Both models, the 8.9 and 10.1, will have the same form factor and look virtually identical with the exception of size. Both will use the TouchWiz UI as well. The only difference between the two will be its size (although I suppose price is another difference as well).
Pricing was announced for both versions, with WiFi-only being the only connectivity option for now; however, during my hands-on with both devices, I noticed a SIM card slot on both, giving me the impression that there will be a good chance we’ll see it show up on AT&T or T-Mobile eventually (or at least globally on any GSM network for that matter).
The pricing for both models are definitely competitive and could do very well. The 10.1, for instance, is priced at $499 for 16 GB and $599 for 32 GB (available beginning June 8); the 8.9 is priced at $469 and $569 for the same storage options (available sometime in early summer).
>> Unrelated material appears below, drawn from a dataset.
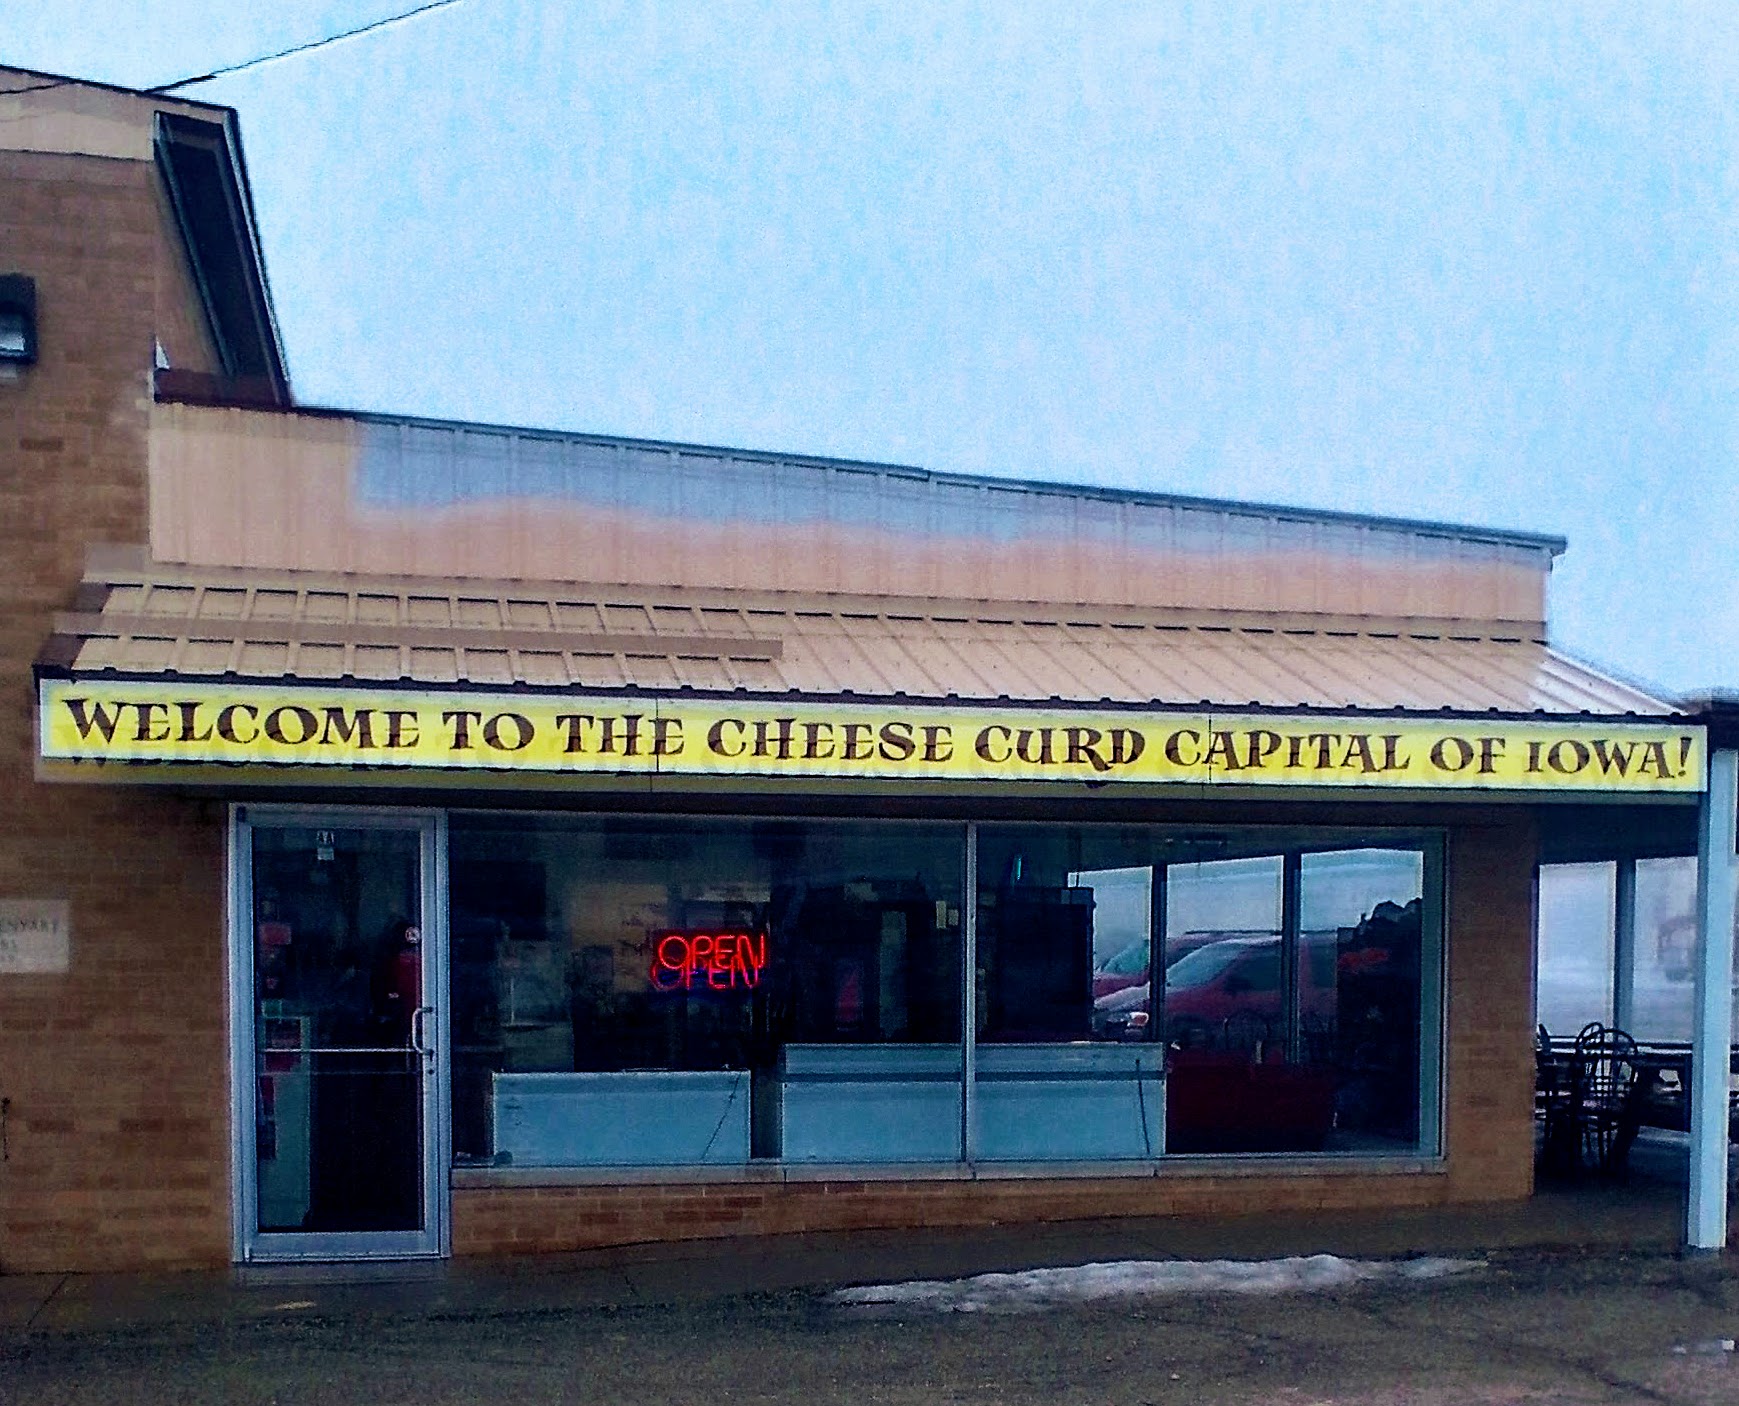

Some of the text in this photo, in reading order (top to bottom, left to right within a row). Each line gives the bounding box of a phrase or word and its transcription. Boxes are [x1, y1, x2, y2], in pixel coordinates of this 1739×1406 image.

I’ve included the videos for both the 8.9 and 10.1, as well as some comparison shots. One thing I noted in the videos was the carbon-fiber material on the back that allows for better gripping, but I had the chance to go back later and handle the “real, closer to finished” models hiding under glass; these models didn’t have the grippy material on the back but rather a slick non-glossy plastic. Since it was also the official 8.6 mm thinness (the hands-on models were 10.9 mm), I do believe this is the model closest to being final.